* **DATA EXCERPTS**:
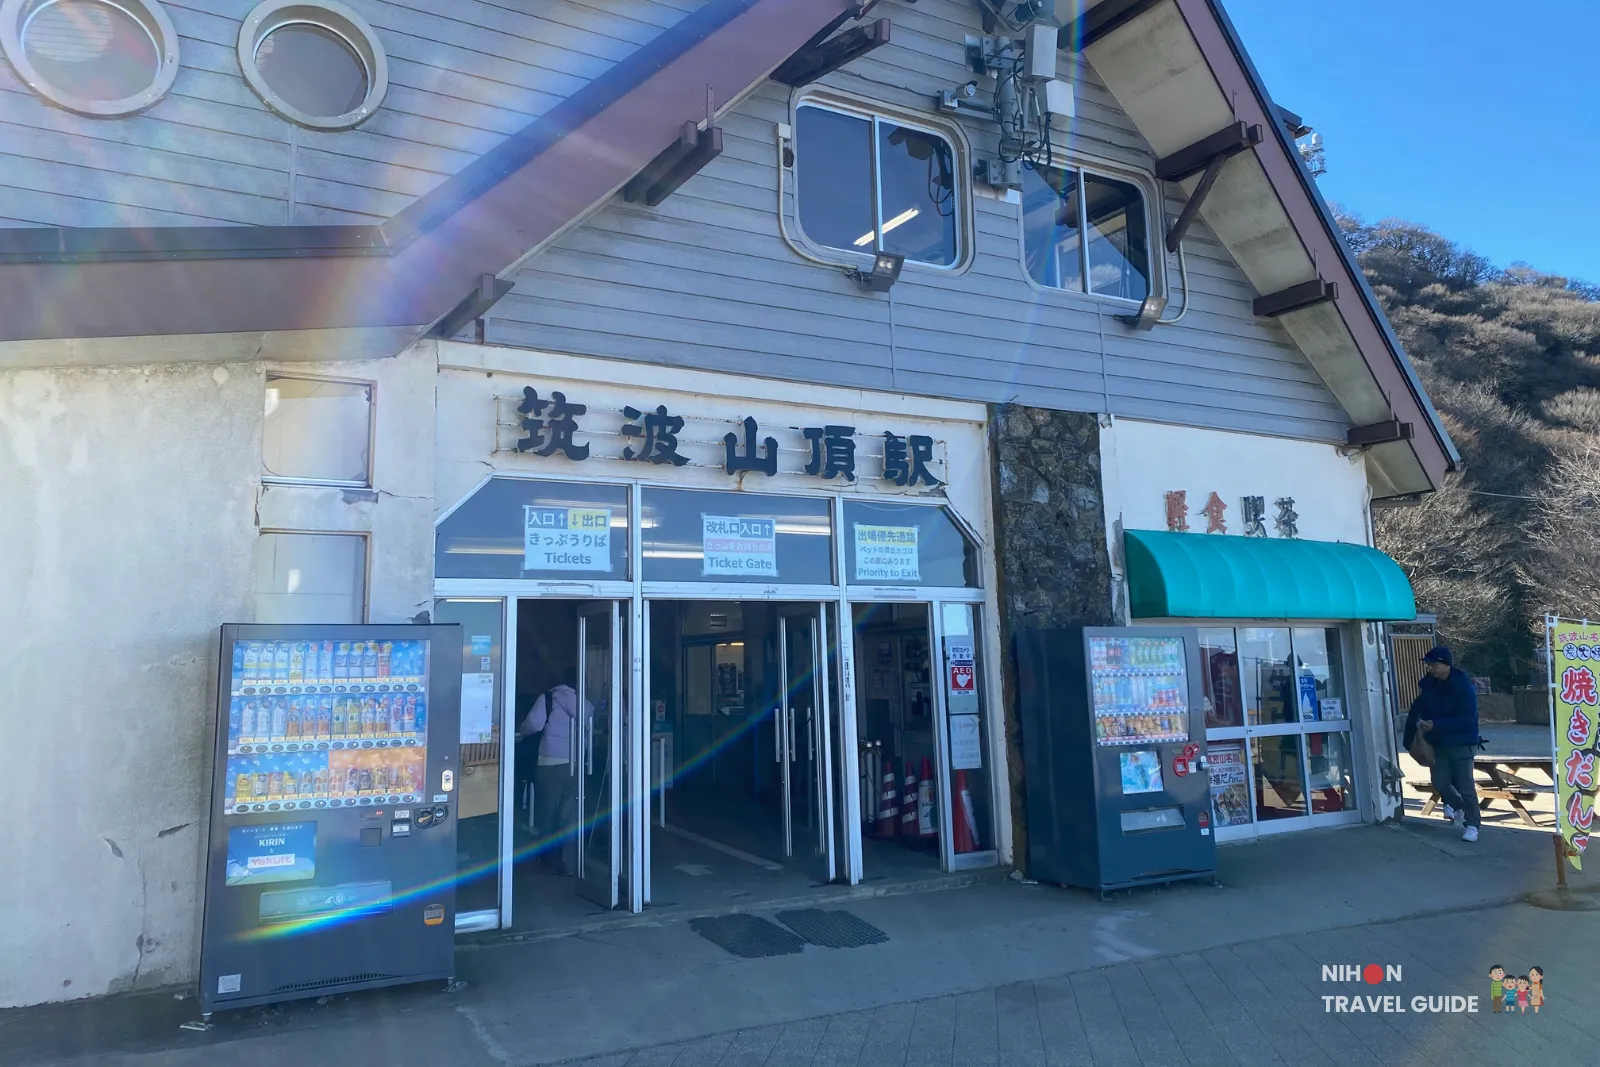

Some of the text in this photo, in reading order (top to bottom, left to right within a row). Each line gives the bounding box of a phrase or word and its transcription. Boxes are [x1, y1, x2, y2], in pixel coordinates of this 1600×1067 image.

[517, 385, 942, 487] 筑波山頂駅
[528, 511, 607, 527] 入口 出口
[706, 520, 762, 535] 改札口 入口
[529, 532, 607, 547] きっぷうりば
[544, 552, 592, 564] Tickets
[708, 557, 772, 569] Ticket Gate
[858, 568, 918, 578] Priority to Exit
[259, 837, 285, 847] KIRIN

* **TASK STATEMENT**: Reproduce the material above in full and without alteration, but skip all pictures.

* **YOUR SOLUTION**:
Some of the text in this photo, in reading order (top to bottom, left to right within a row). Each line gives the bounding box of a phrase or word and its transcription. Boxes are [x1, y1, x2, y2], in pixel coordinates of this 1600×1067 image.

[517, 385, 942, 487] 筑波山頂駅
[528, 511, 607, 527] 入口 出口
[706, 520, 762, 535] 改札口 入口
[529, 532, 607, 547] きっぷうりば
[544, 552, 592, 564] Tickets
[708, 557, 772, 569] Ticket Gate
[858, 568, 918, 578] Priority to Exit
[259, 837, 285, 847] KIRIN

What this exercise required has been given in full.